A Kansas Democratic Party official says she had no conflict of interest when she voted on a request that the party provide congressional candidate James Thompson’s campaign $20,000.
Party Secretary Casey Yingling faces a recall petition that would force a vote in the party over whether she should remain in the position. Yingling is part of both the party’s executive committee, which voted on the request, and Ad Astra Group, a political consulting firm that has been paid more than $200,000 by the campaign.
The Eagle first reported on the recall petition on Friday. At the time, Yingling didn’t specifically rebut the petition – which also says she has attacked the party on social media – but called its allegations “unfounded and politically motivated.” She said that day Democrats were mourning the death of former Lt. Gov. Tom Docking, who had died the day before.
Over the weekend, Yingling sent out a four-page rebuttal of the petition where she called the conflict of interest allegation “the most inflammatory and incorrect.” She said she holds herself to a high moral and ethical standard.
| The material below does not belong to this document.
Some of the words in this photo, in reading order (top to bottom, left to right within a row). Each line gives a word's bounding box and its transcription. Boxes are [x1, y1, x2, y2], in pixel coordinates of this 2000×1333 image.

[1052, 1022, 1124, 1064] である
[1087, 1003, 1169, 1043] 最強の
Yingling also released a statement on Tuesday after The Eagle approached her about this story.
“I have not provided any internal documents to the Wichita Eagle, nor any of my partners. Once again, this isn’t the proper venue. I am the youngest female voice on the Executive Committee of the Kansas Democratic Party. These types of unfounded character attacks are demonstrative of what young women face each and every day – just for speaking their voice. We still have a long ways to go,” Yingling said.
Levi Henry, who co-organized the Ad Astra Group with Yingling, has also said on Twitter he did not provide the petition to The Eagle.
Yingling was on a conference call of the party’s executive committee in March in the run-up to the special election to fill the U.S. House seat left by Mike Pompeo, who resigned to become CIA director. Thompson’s campaign had requested $20,000 from the party to pay for a mailer.
The committee voted to reject the request. Yingling was asked twice to abstain from voting but declined, according to Sage TeBeest, a committee member who is circulating the petition, and Carri New, another member of the committee who was on the call and supports the petition.
Yingling says in her rebuttal it is not true that she was asked twice to recuse herself from the vote but refused. TeBeest declined to comment Tuesday.
Yingling said in her rebuttal that after the initial vote on the request, New asked why she was allowed to vote. Yingling wrote that was the first time any concern was raised during the meeting but that it came after votes had been cast.
According to Yingling’s rebuttal, the Thompson campaign had proposed that the party pay the printer – rather than the campaign – for the mailer and postage to avoid any allegations of a conflict.
“No one stood to profit from this vote, other than the opportunity to elect a Democratic Congressman in KS-04,” Yingling wrote.
Yingling has been critical of the party at times on social media, and the petition alleged that she has been engaged in ongoing attacks against the party. Yingling wrote in the rebuttal that any accusation that she is motivated by profit over the success of Kansas Democrats the “ultimate insult.”
“I want to extend an apology to any of my fellow Democrats who were disappointed by my representation of you as the Secretary of the Kansas Democratic Party. I am truly sorry,” Yingling wrote. “I want each of you to know that any actions I have taken have been motivated purely by a desire to grow the Kansas Democratic Party and we so we can take control of our great state together.”